In questa fase i sindaci sono attivi per quanto riguarda le nomine nelle Sot. Come partito siete stati presi in considerazione? E i nomi circolati fino ad oggi vi soddisfano?

"Per quanto ci riguarda le nomine dovrebbero avere un criterio forte sulle competenze e le capacità dei soggetti. Il manuale Cencelli non ci interessa perché preferiamo conseguire risultati politici, ma non ci possiamo nascondere che le scelte e le gestioni passano per l'attività concreta degli uomini e delle donne.
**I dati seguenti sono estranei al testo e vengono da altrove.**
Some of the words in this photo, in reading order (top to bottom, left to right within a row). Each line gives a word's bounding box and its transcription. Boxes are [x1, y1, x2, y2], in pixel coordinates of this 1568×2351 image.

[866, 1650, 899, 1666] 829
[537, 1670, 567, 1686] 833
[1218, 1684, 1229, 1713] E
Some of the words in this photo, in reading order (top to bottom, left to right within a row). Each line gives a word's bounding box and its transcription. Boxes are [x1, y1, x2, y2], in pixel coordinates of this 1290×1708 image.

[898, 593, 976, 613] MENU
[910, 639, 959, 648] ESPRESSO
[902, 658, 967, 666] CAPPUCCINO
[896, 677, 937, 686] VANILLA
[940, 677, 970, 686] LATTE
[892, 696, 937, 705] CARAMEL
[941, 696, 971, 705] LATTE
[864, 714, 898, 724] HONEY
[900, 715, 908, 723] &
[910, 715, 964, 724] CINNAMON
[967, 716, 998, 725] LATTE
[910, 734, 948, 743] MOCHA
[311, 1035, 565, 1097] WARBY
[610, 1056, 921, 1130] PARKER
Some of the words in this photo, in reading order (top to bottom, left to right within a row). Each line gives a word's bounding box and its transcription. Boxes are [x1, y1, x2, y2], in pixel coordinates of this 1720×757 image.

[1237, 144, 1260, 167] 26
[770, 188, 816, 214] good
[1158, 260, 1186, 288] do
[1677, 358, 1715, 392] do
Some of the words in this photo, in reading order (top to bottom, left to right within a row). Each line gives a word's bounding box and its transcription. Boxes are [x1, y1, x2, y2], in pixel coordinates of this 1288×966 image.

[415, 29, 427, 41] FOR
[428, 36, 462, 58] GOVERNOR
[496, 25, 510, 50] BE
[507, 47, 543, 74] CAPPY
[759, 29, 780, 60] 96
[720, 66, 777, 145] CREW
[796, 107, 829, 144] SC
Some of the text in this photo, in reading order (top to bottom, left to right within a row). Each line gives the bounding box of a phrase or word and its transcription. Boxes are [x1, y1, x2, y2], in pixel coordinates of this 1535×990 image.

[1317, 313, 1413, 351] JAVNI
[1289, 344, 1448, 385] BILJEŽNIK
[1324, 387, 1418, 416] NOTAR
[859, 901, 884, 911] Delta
Vediamo una pericolosa autoreferenzialità del centrosinistra reggiano che non ha ancora compreso che siamo in una fase politica diversa da quella attivata nel 1996: il governo dell'Unione è un'altra cosa ed è bene rendersene conto al più presto. Quello che non riusciamo a capire ad esempio è cosa ci faccia un uomo come Cimoli nel consiglio di amministrazione di Enìa viste le meravigliose performance che ha prodotto sulle Ferrovie e in Alitalia".

Borsa, energia, rifiuti, acqua: avete espresso una marea di dubbi. Ma quindi a vostro giudizio Enìa deve fermarsi a riflettere?

"Devono riflettere senza fermarsi i soggetti politici, istituzionali e sociali attivando una nuova progettualità che inveri un nuovo ruolo e una nuova funzione per Enìa. Abbiamo perso troppo tempo in questioni di lotte di potere, adesso dobbiamo riflettere mentre lavoriamo a un nuovo disegno. Occorre costruire un pezzo di futuro che non sia la difesa dell'esistente ma riprenda la progettualità industriale e per questa strada possa dare nuovi servizi ai cittadini".